Here’s the code for that
from nlpaug.augmenter.word import WordAugmenter
import google_trans_new
from google_trans_new import google_translator
import random
class BackTranslateAug(WordAugmenter):
def __init__(self, name='BackTranslateAug', aug_min=1, aug_max=10,
aug_p=0.3, stopwords=None, tokenizer=None, reverse_tokenizer=None,
device='cpu', verbose=0, stopwords_regex=None):
super(BackTranslateAug, self).__init__(
action=Action.SUBSTITUTE, name=name, aug_min=aug_min, aug_max=aug_max,
aug_p=aug_p, stopwords=stopwords, tokenizer=tokenizer, reverse_tokenizer=reverse_tokenizer,
device=device, verbose=0, stopwords_regex=stopwords_regex)
self.translator = google_translator()
def substitute(self, data):
if not data:
return data
if self.prob() < self.aug_p:
trans_lang = random.choice(list(google_trans_new.LANGUAGES.keys()))
trans_text = self.translator.translate(data, lang_src='en', lang_tgt=trans_lang)
en_text = self.translator.translate(trans_text, lang_src=trans_lang, lang_tgt='en')
return en_text
return data
aug = BackTranslateAug(aug_max=3, aug_p=1)
augmented_text = aug.augment(text)
Original: The Rock is destined to be the 21st Century 's new `` Conan '' and that he 's going to make a splash even greater than Arnold Schwarzenegger , Jean-Claud Van Damme or Steven Segal .
Augmented Text: The Rock is intended to be the 21st century new `` Conan 'and that he will do a splash even larger than Arnold Schwarzenegger, Jean-Claud Van Damme or Steven Segal.
Seems straight forward right ? just apply this over the entire DataFrame
?
WRONG
8% 958/11286 [09:54<2:13:42, 1.29it/s]
It would take about 2 hours to do this, even on an 8 core beast machine with really good internet.
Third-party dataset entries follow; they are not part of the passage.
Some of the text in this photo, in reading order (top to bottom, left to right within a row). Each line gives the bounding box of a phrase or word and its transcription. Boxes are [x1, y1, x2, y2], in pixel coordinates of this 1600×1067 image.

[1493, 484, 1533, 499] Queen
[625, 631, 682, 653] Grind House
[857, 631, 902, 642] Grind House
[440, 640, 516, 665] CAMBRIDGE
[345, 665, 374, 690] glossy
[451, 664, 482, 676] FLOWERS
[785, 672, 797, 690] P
So i even tried different multiprocessing libraries, but they don’t work, it the google translate api library gets locked up. And i tested this on colab and also a standalone pc. same issue.
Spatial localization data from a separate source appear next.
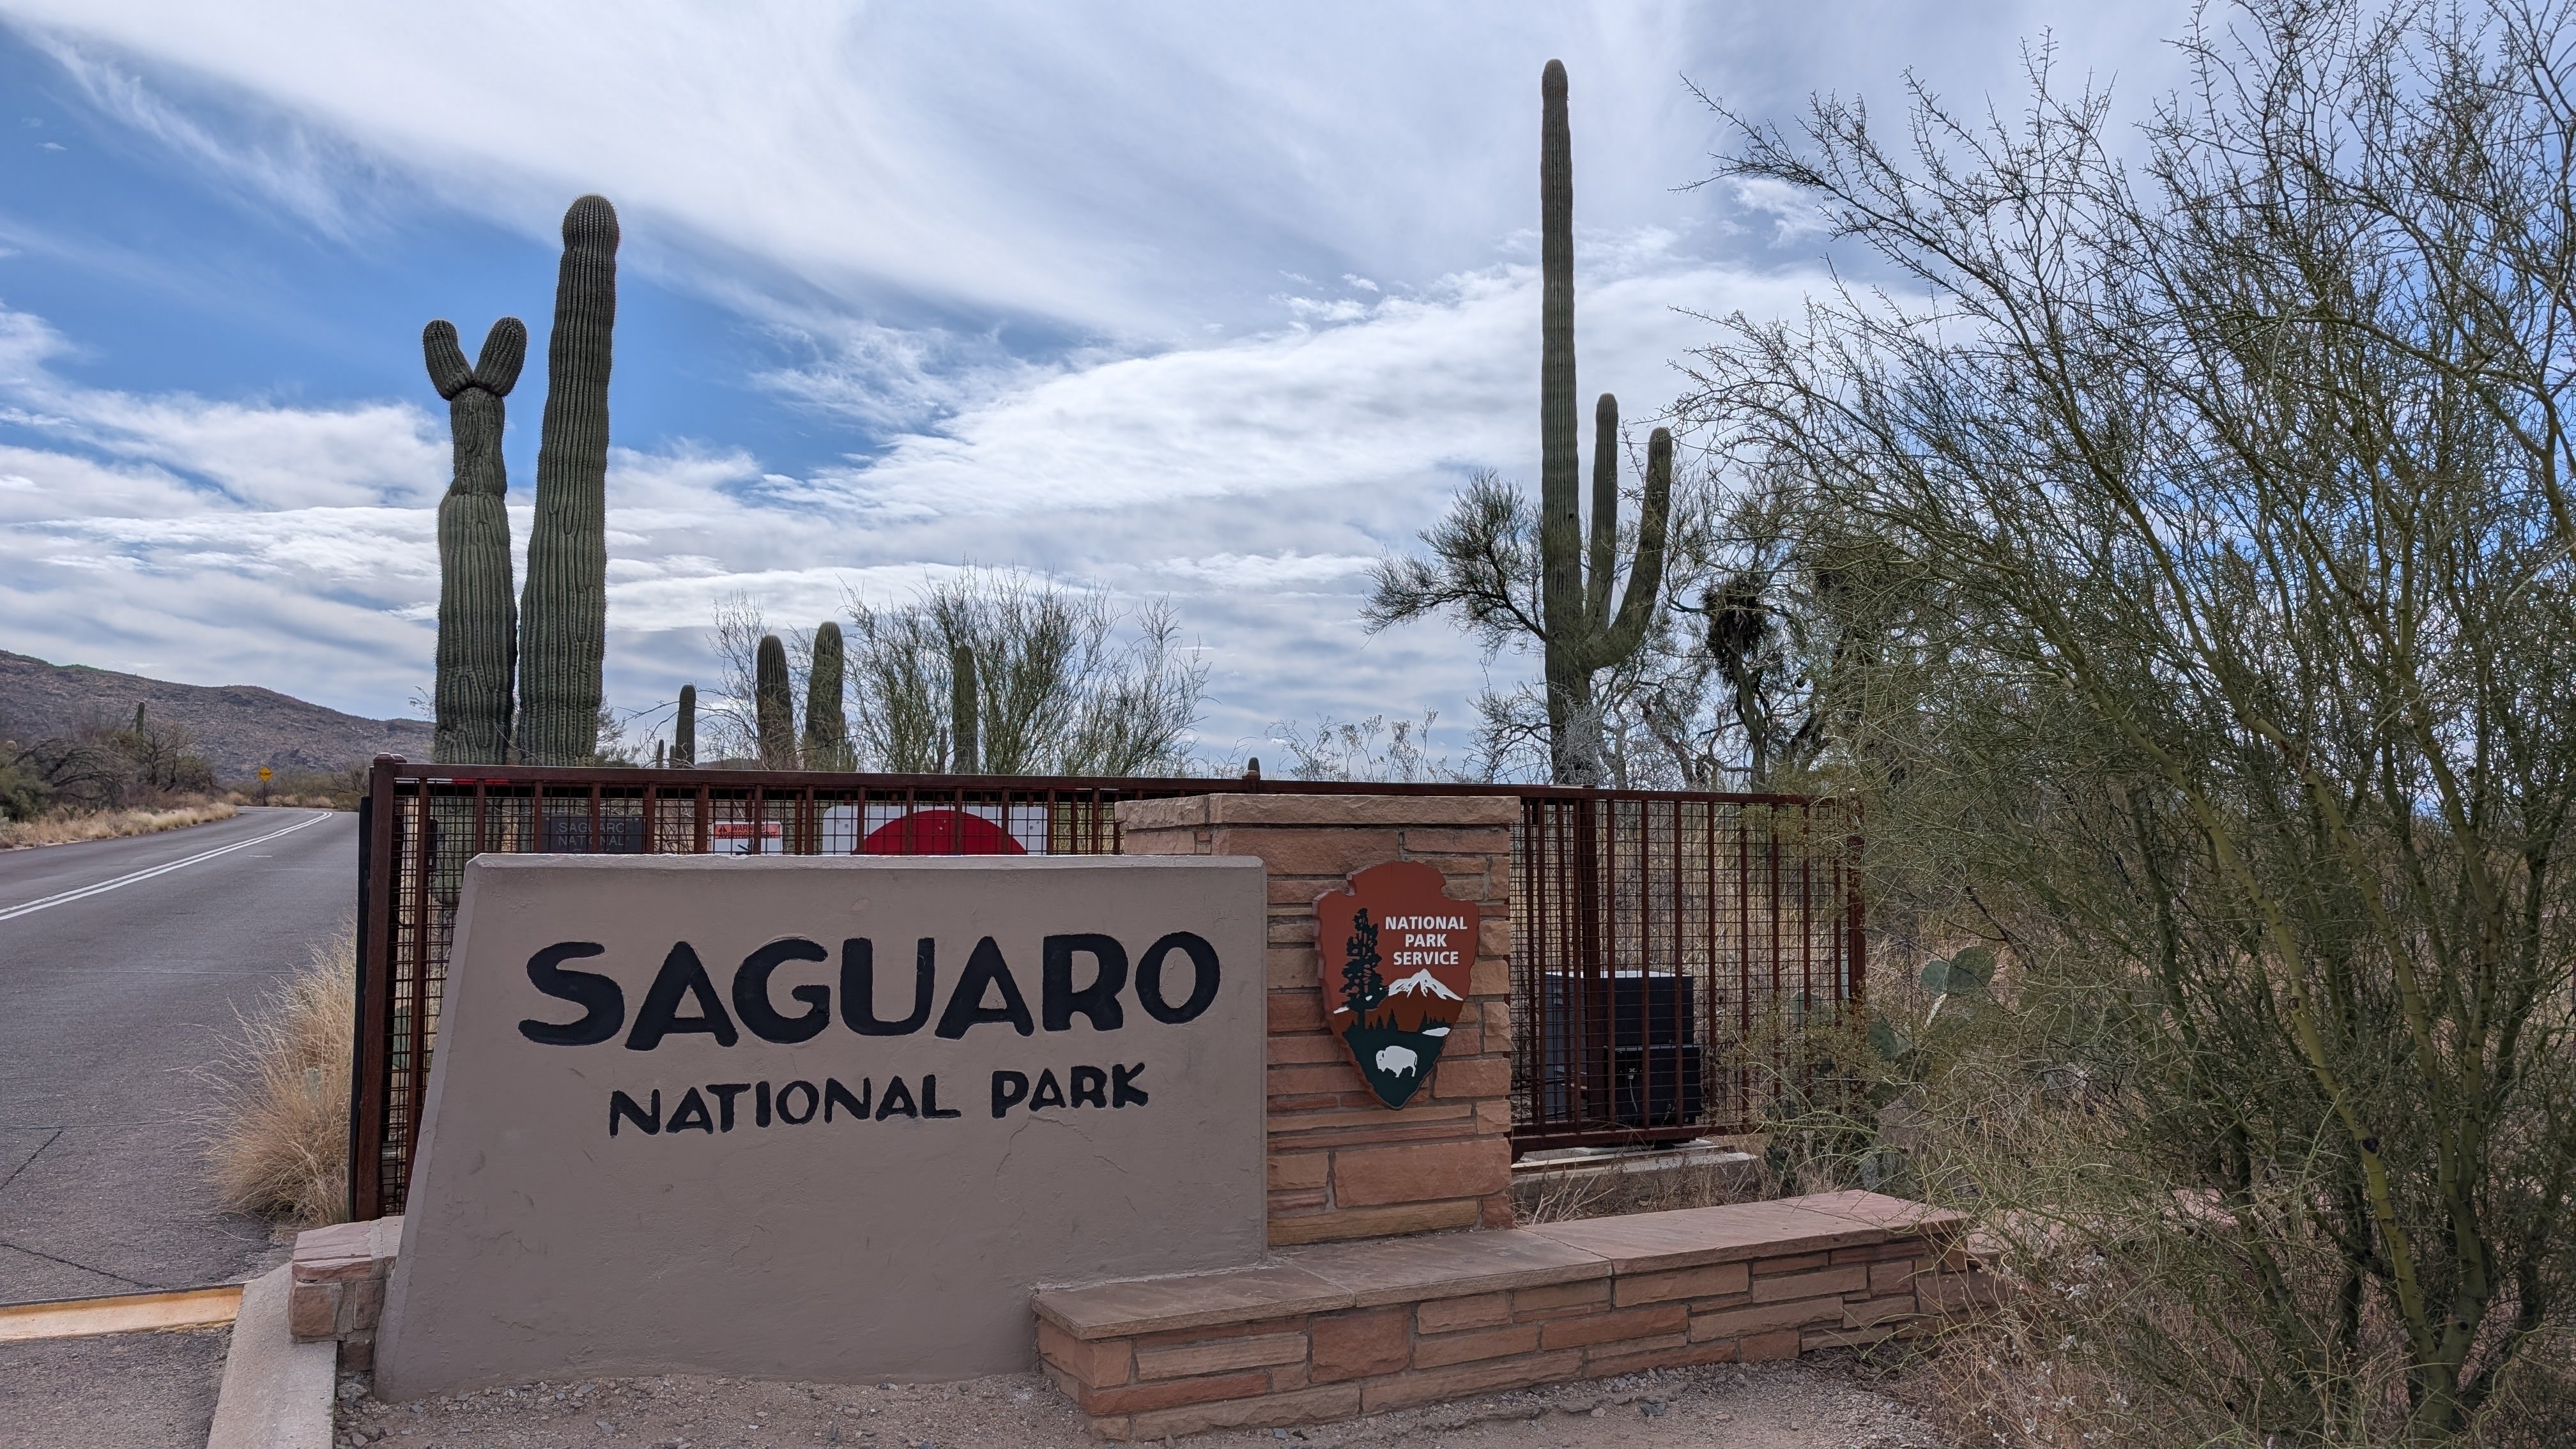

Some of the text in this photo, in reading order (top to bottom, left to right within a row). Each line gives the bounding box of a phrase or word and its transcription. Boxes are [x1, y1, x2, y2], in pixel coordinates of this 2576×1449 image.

[1385, 916, 1468, 930] NATIONAL
[1405, 933, 1447, 947] PARK
[1393, 951, 1459, 965] SERVICE
[518, 931, 1221, 1052] SAGUARO
[610, 1062, 1149, 1139] NATIONAL PARK
ALSO you will exhaust the requests limit
[/usr/local/lib/python3.7/dist-packages/google_trans_new/google_trans_new.py](https://localhost:8080/#) in translate(self, text, lang_tgt, lang_src, pronounce) 192 except requests.exceptions.HTTPError as e: 193 # Request successful, bad response --> 194 raise google_new_transError(tts=self, response=r) 195 except requests.exceptions.RequestException as e: 196 # Request failed
google_new_transError: 429 (Too Many Requests) from TTS API. Probable cause: Unknown
So what can you do ?
PLAY SMORT
Beat Google at their own game.
When i was struggling with this, i realised something, i remembered that there’s google translate api built into Google Sheets, so here i come, using Google Sheets as a NLP Data Augmentor.
It took about 60-70 mins, but it was done atleast (~ ̄▽ ̄)~
Link to Google Sheet Back Translate Augmentor
Substitutes a random word with their synonym
aug = naw.SynonymAug(aug_src='wordnet')
synonym_sentences = dataset_aug['sentence'].progress_apply(aug.augment)
Original: The Rock is destined to be the 21st Century 's new `` Conan '' and that he 's going to make a splash even greater than Arnold Schwarzenegger , Jean-Claud Van Damme or Steven Segal .
Augmented Text: The Rock is destined to follow the 21st Hundred ' s new ` ` Conan ' ' and that helium ' s going to make a splash yet swell than Arnold Schwarzenegger, Blue jean - Claud Van Damme or Steven Segal.
aug = naw.RandomWordAug(aug_max=3)
augmented_text = aug.augment(text)
Original: The Rock is destined to be the 21st Century 's new `` Conan '' and that he 's going to make a splash even greater than Arnold Schwarzenegger , Jean-Claud Van Damme or Steven Segal .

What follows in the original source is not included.